O assunto torna-se mais instigante quando um expoente do neoliberalismo dos Estados Unidos, o economista e filósofo Francis Fukuyama, ideólogo do governo Reagan e que encarna a face mais conservadora do capitalismo mundial, em seu livro Nosso futuro pós-humano, se mostra preocupado e cético. Segundo Fukuyama, a revolução biotecnológica não basta por si só, afinal, “derrotar a doença para simplesmente prolongar a vida pode não ser uma boa coisa”. O importante é que a vida seja longa e com qualidade. A lógica para alcançar esse objetivo, diria Nelson Rodrigues, é “óbvia e ululante”. Qualidade de vida requer hábitos saudáveis, comida à mesa, lazer, acesso a saúde, educação, trabalho e salário digno, que, por sua vez, resultam em autoestima elevada, felicidade, prazer e disposição para o trabalho. Acontece que neste parâmetro, trabalho, as relações não são assim tão amistosas.

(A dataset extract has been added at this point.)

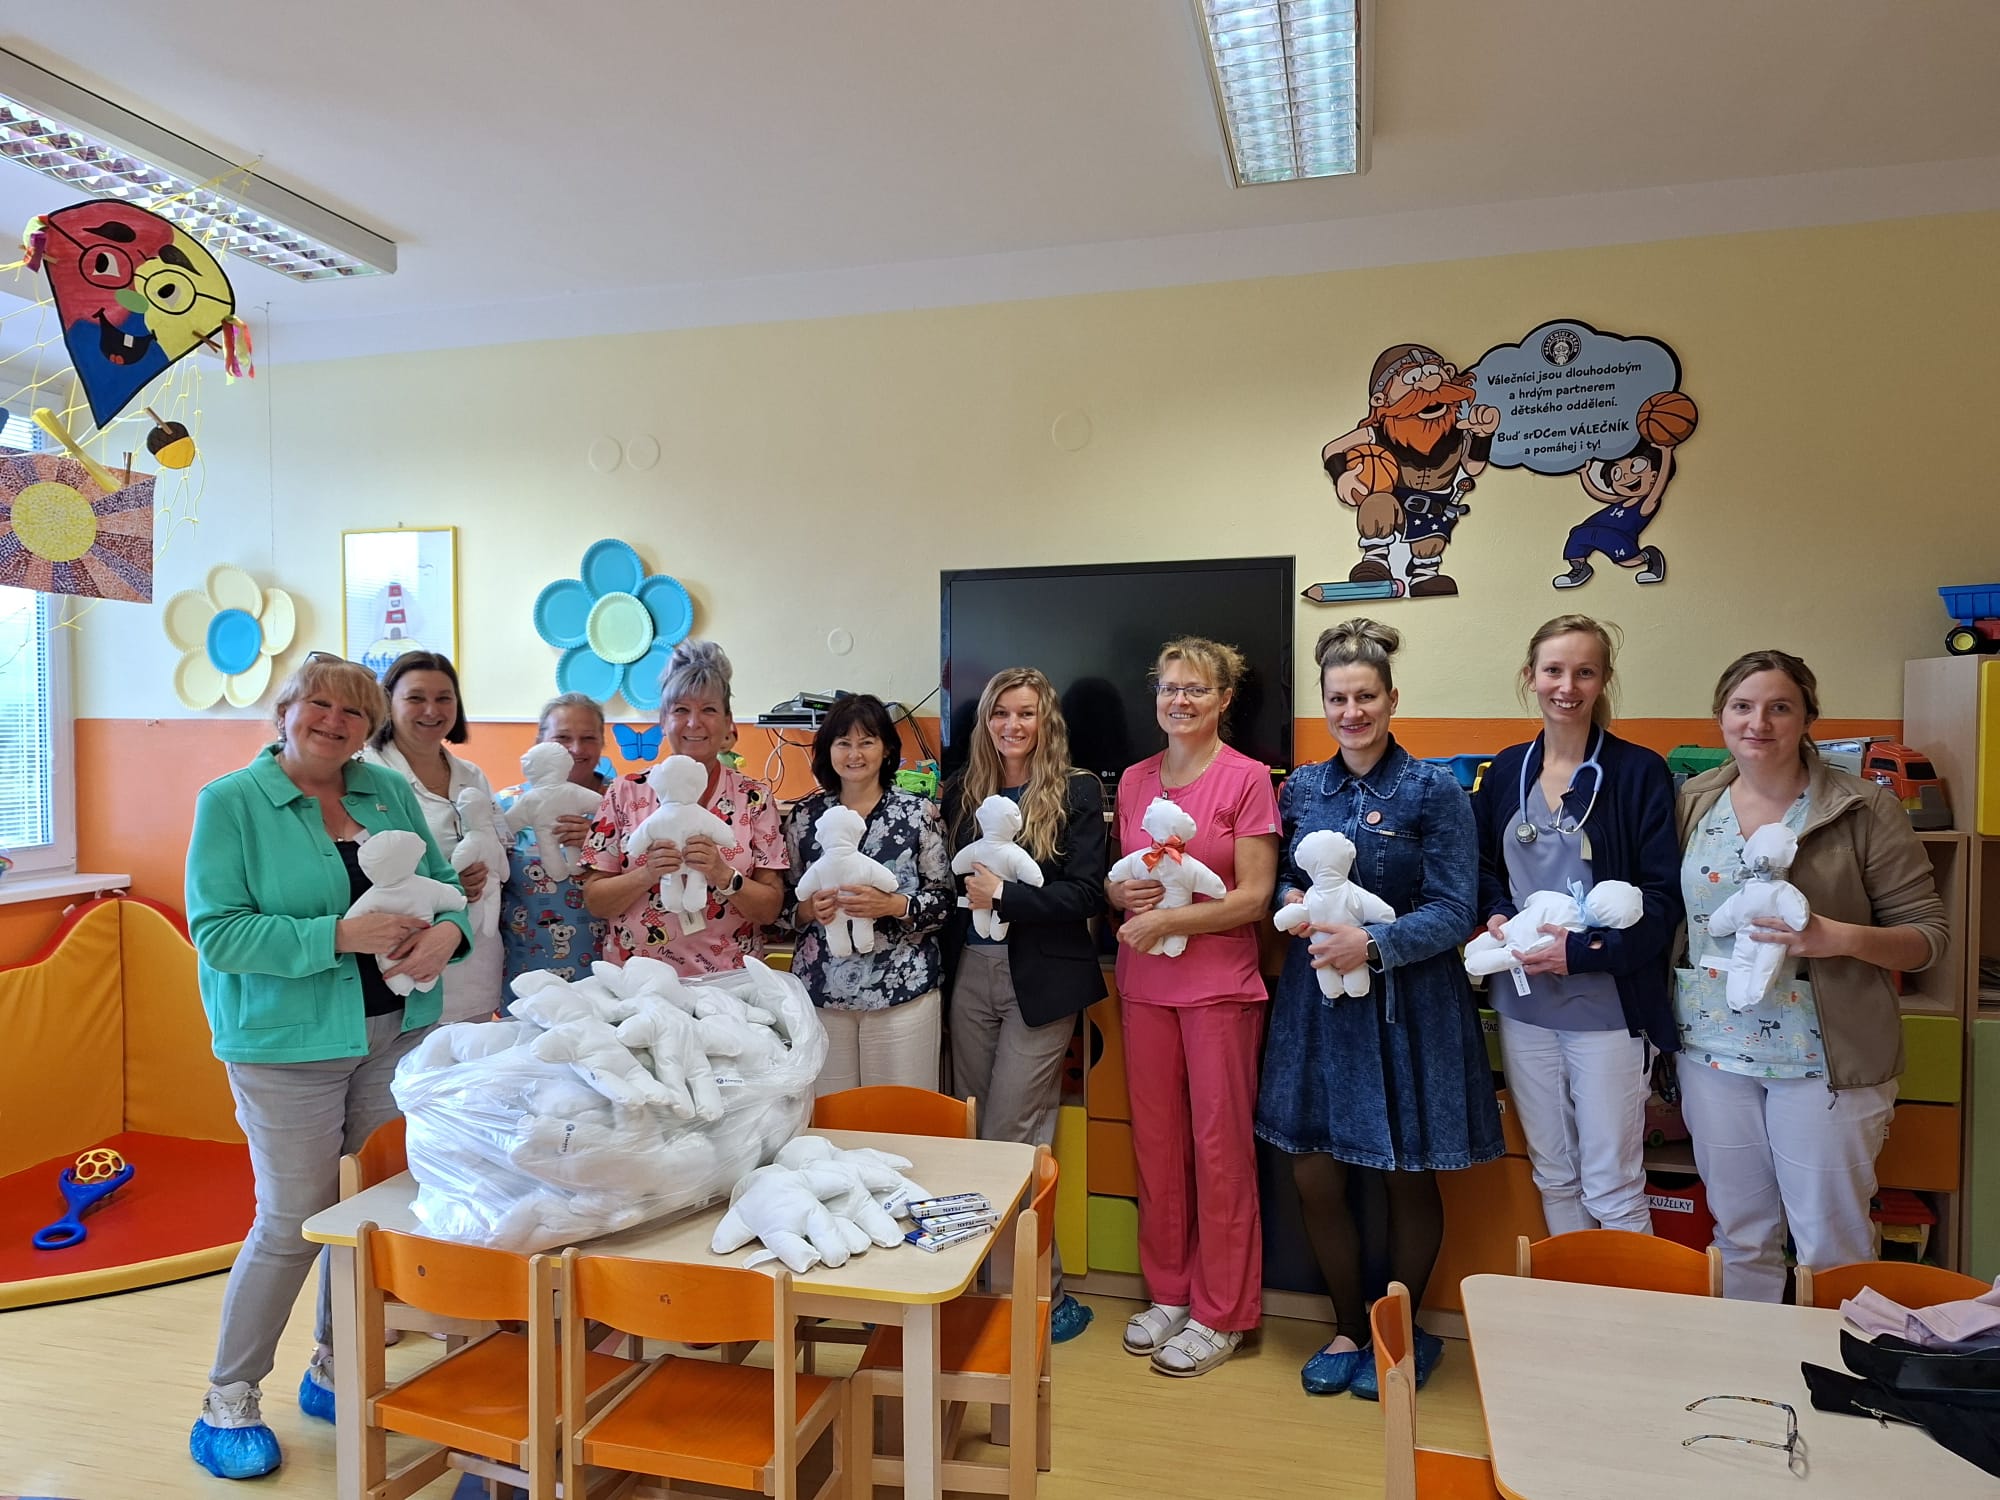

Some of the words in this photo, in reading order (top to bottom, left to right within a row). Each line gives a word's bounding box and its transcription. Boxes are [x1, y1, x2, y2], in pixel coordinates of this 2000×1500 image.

O anticlímax, segundo alguns especialistas, está nas fórmulas e meios com que certos gestores insistem em impor suas regras e modelos. Para o consultor em Gestão Empresarial, Thomaz Wood Jr., professor e doutor em Administração de Empresas pela Fundação Getúlio Vargas de São Paulo (FGV-SP), certos manuais acabam se transformando em verdadeiras armadilhas para as empresas – são os chamados groupthink. O termo, cunhado pelo sociólogo Willian H. Whyte na década de 1950, faz menção aos processos em que os dirigentes impõem um pensamento único e se mostram incapazes de avaliar, observar e aceitar qualquer alternativa diferente. Wood Jr. cita o professor Warren Bennis, decano da Universidade da Califórnia, EUA, ao afirmar que boa parte desses dirigentes perdeu o contato com a realidade. “O problema não está no que eles chamam de ‘maçãs podres’, mas na ambição pessoal em criar um sistema fechado, uma cultura corporativa, autocentrada e desprovida de qualquer percepção.”

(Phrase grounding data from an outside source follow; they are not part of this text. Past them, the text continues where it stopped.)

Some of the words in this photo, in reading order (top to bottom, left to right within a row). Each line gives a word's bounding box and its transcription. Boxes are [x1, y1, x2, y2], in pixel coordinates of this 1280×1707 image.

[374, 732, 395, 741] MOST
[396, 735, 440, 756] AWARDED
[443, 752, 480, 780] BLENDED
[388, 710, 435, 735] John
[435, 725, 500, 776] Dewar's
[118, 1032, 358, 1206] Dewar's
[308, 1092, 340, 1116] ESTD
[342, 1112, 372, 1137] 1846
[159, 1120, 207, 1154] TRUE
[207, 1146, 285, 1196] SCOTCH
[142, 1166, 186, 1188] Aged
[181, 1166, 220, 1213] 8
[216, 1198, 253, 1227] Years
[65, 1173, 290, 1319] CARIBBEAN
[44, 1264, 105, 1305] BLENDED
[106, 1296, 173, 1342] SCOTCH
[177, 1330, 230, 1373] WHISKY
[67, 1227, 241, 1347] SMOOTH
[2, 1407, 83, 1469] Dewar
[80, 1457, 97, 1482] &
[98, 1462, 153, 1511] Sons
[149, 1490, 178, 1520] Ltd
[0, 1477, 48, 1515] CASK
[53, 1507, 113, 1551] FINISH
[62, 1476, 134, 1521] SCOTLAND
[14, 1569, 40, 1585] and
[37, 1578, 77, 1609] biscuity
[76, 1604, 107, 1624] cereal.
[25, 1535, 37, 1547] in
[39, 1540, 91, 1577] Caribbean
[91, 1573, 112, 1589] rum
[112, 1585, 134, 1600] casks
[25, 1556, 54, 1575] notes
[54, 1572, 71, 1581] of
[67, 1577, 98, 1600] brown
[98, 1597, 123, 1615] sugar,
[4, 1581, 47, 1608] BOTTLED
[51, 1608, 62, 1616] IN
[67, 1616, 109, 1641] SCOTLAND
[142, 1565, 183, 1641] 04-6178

É comum atribuir à inércia funcional o papel de vilão principal pelo débâcle organizacional das empresas. O salvo-conduto normalmente é um receituário recheado de mantras, regras e processos. Acontece, ainda segundo Wood Jr., que para implementar essas ferramentas muitas organizações costumam exercer uma enorme pressão junto aos empregados, inclusive, sob ameaças, neutralizam ou expulsam aqueles considerados mais rebeldes. “Algumas chegam a desenvolver sofisticados sistemas de autocensuras para inibir qualquer tipo de visão crítica. Com isso, os ambientes de trabalho tornam-se silenciosos, caracterizados pelo cinismo e medo de expor posições que contradizem a visão oficial”, afirmou. As consequências, segundo o professor Gary Hamel, da London Business School, Inglaterra, são transformar pessoas em robôs, roubando a imaginação, a criatividade e a paixão pelo trabalho. Em recente entrevista ao jornal El País, da Espanha, Hamel afirmou “que a maioria dos gestores costuma se perguntar: como posso conseguir que os empregados contribuam com os objetivos dos meus negócios?. Mas a pergunta deveria ser: como construo uma organização que motive as pessoas a oferecer sua criatividade e paixão todos os dias”.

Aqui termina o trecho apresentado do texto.